Retro Review: ‘Baby Face’


One era of film history which has seen renewed interest from cinephiles recently has been the Pre-Code approximately between 1930-1934. The loose cannon days of the silent era had ended and the studios were rising to prominence. With the Depression bearing down, these same studios knew to get audiences into theaters they had to rely on the old-fashioned appeal of sex and violence. The studio appointed censorship mainly oversaw any cuts in content local morality boards demanded. One of the watershed films in this period of cinema history was released in 1933 and featured the legendary Barbara Stanwyck as a cold seductress on her way to the top in Baby Face.

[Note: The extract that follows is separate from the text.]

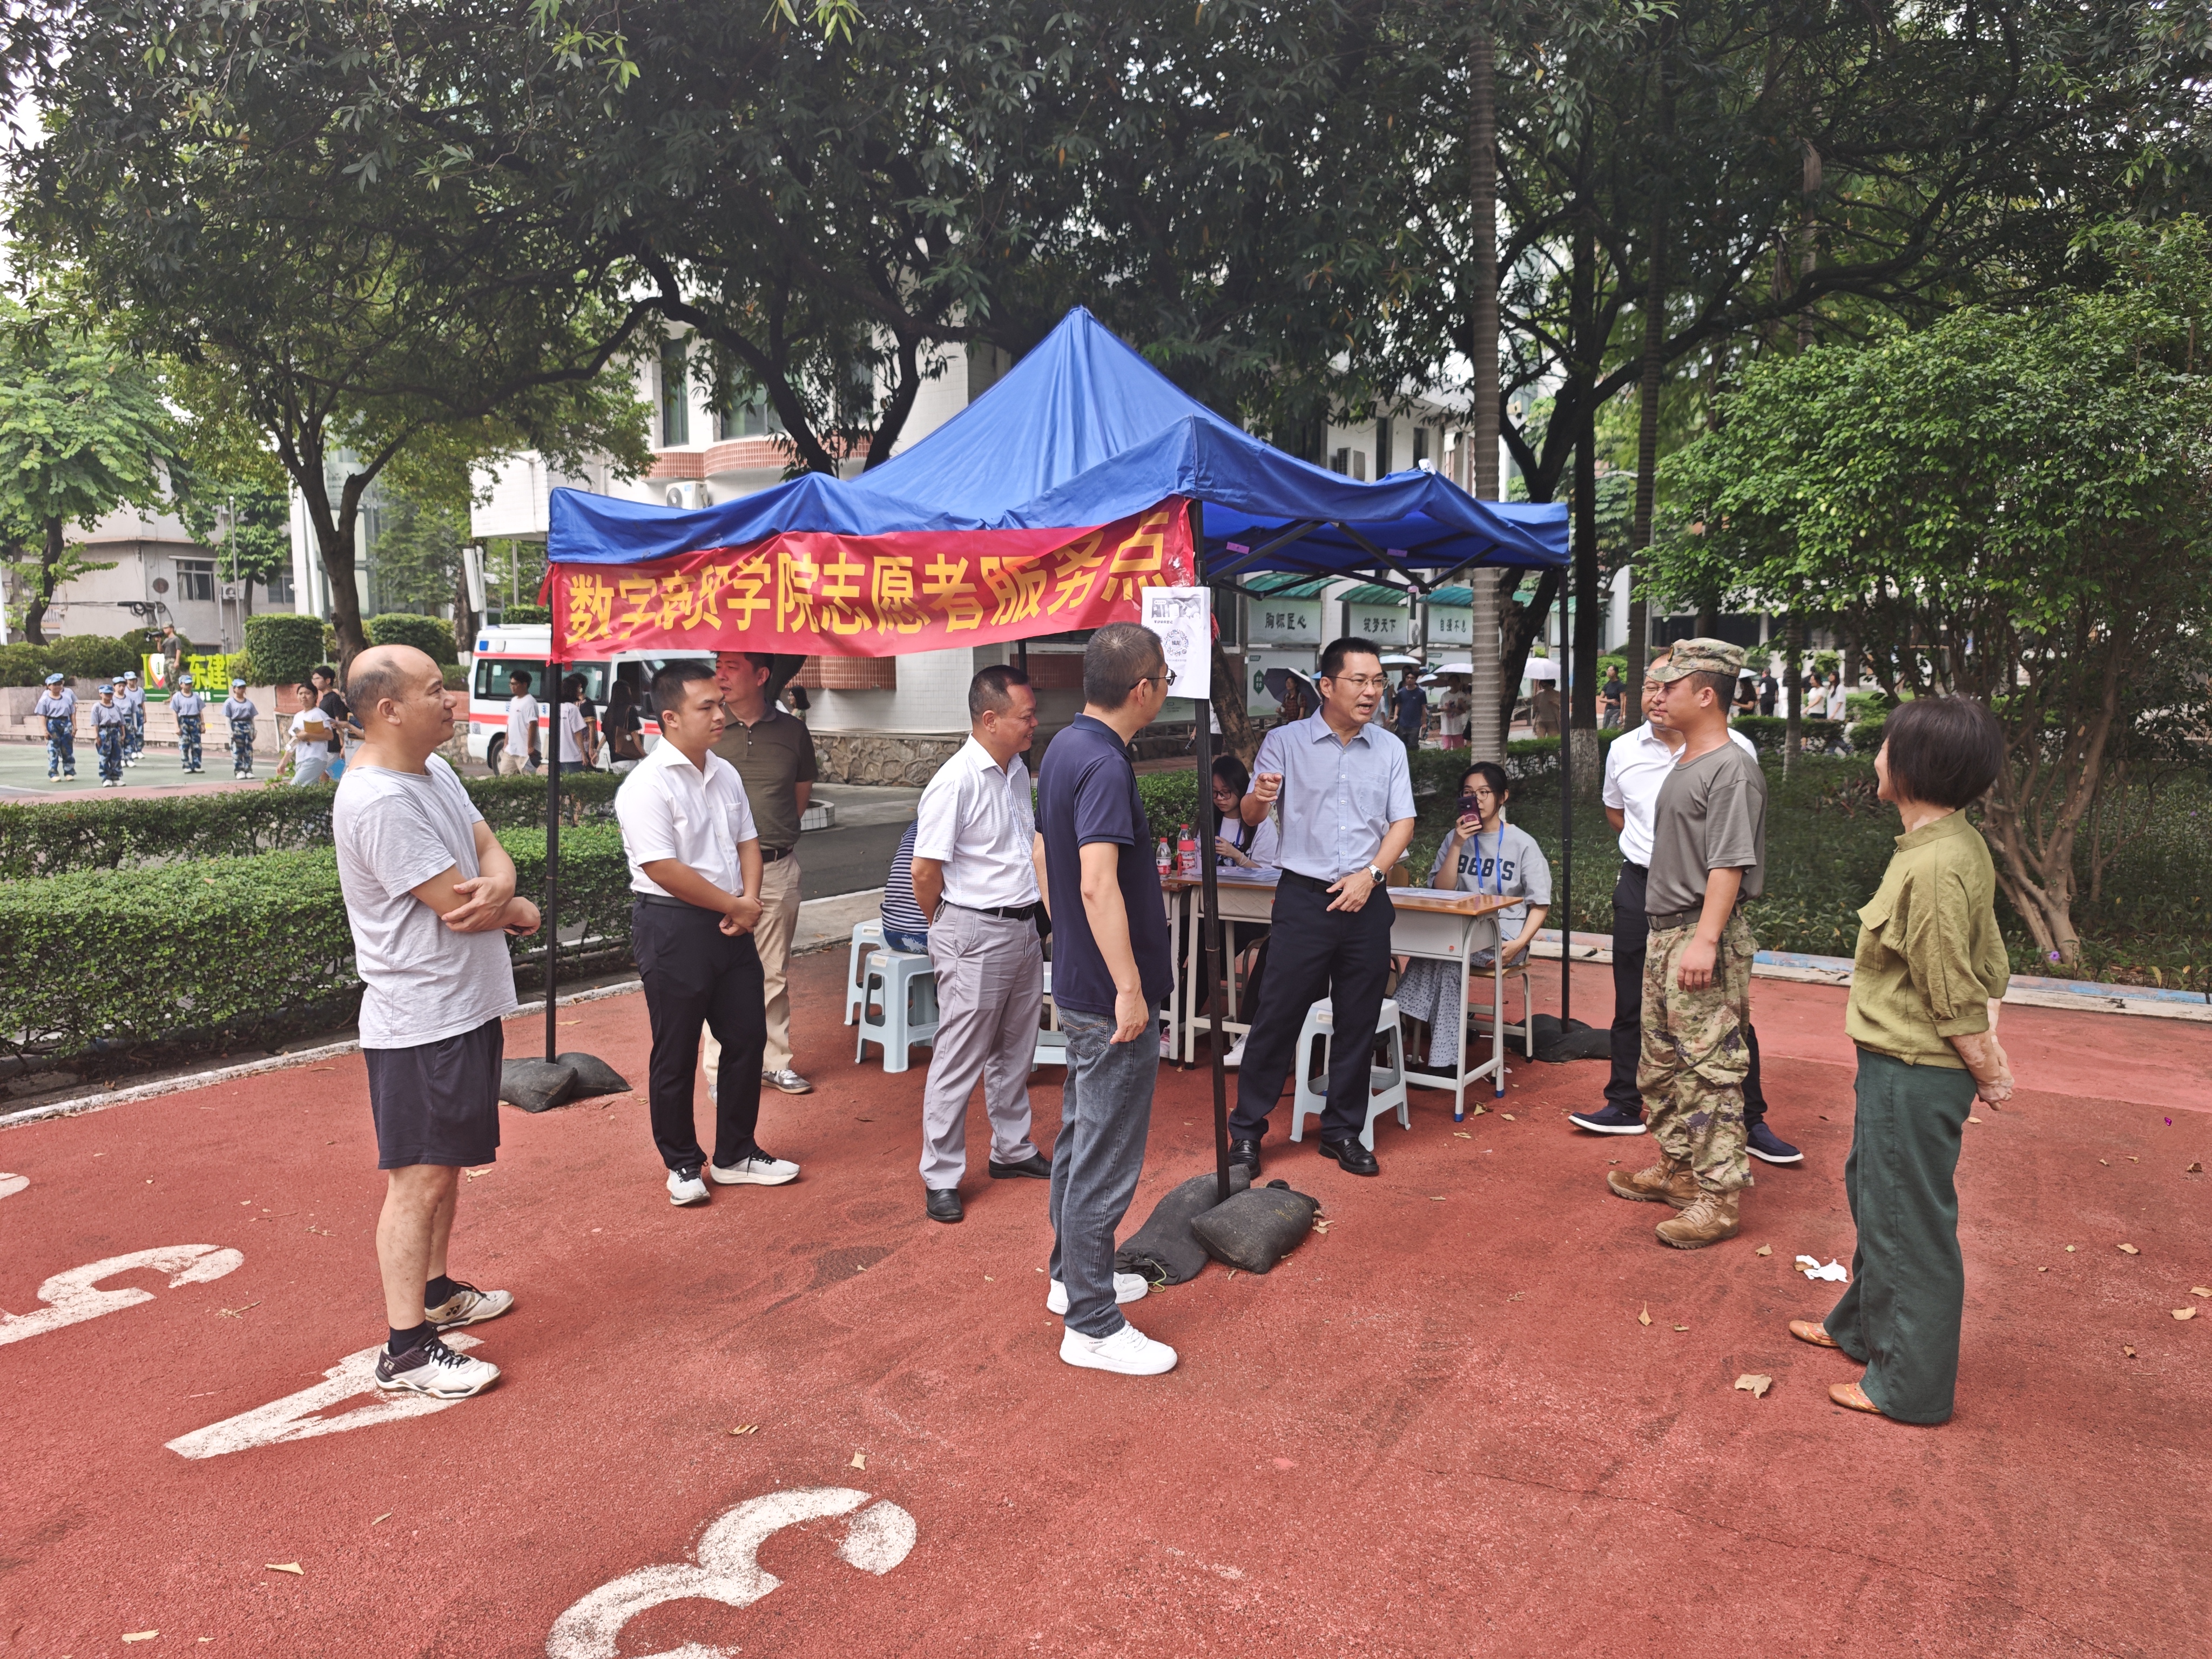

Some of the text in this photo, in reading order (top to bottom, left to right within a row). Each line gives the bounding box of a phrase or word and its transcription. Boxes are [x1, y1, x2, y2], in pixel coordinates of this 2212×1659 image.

[567, 511, 1169, 645] 数字商贸学院志愿者服务点

Ever since she was a teenager, Lily Powers has worked at her father’s speakeasy where he has forced her to do “favors” for men. When a still explosion destroys the place and kills her father, Lily and her best friend Chico take to the rails. Inspired by a Nietzsche-obsessed regular she once knew, the former speakeasy-worker plans to master her own destiny using sex as her weapon. She makes it to the big city where beginning with her immediate superior (played by a young John Wayne) she uses cunning, looks, and willingness to “sing the St. Louis Blues” in order to climb the corporate ladder at a major financial institution. Her ascent to the top carves a path of victims, and even causes some bloodshed, leading to playboy Courtland taking over the company and paying for her to leave. While Lily heads off to Paris to start a new life, Courtland finds himself in deep water as the failures already inherent in the bank have unfairly fallen on him.

As mentioned before, Baby Face holds a strong position in cinema history. I recall one film historian summing it up perfectly by saying it is to Pre-Code movies what Double Indemnity was to film noir. Given that both films feature Barbara Stanwyck giving a top-tier performances should support her spot as one of the greatest actresses of all-time. In a film which takes full advantage of the lack of censorship of the time, she is absolutely fearless in tackling a complex and morally questionable character like Lily Powers. What could have been a one-note seductress becomes a fully realized person who the audience can get behind, or at the very least understand where she is coming from. Stanwyck’s likability is helped immensely by the criminally underrated Theresa Harris as her best friend, Chico. Harris had a career which spanned decades in major films like: Merrily We Go to Hell, Cat People, Miracle on 34th Street, and more. The problem was that given the horrendous and disgusting status quo in entertainment about 95% of her roles had her playing a maid due to the color of her skin. This is a major reason for the importance of Baby Face in film history. It is made clear in the opening minutes of the film that Lily considers Chico an equal. Her being assigned the role of “maid” as Lily climbs the corporate ladder is merely a cover allowing the two to continue to pal around.

Being released during the Pre-Code era meant that many state and local censorship boards were allowed to make the cuts they deemed necessary for their market. For decades this meant there were different cuts of Baby Face floating around. Luckily in 2004 the Library of Congress uncovered a version of the film in its entirety. Audiences can now watch this classic with all of the raw grittiness that director Alfred E. Green intended. This was the final films prolific writer Darryl F. Zanuck would work on for Warner Bros. as shortly afterward he would found 20th Century Pictures which would merge with Fox Studios to become 20th Century Fox. Baby Face definitely proved to be a high note to go out on, a film which hits hard and probably left an impact on the Depression era audiences.

For those simple or naïve enough to write off older movies and innocent in their black & white nature, Baby Face will surely change your mind. A melodrama which is sure to leave an impression and potentially surprise you with its unabashed look at sexuality. For the great actress Babara Stanwyck, this stands as easily one of the highlights of her storied career.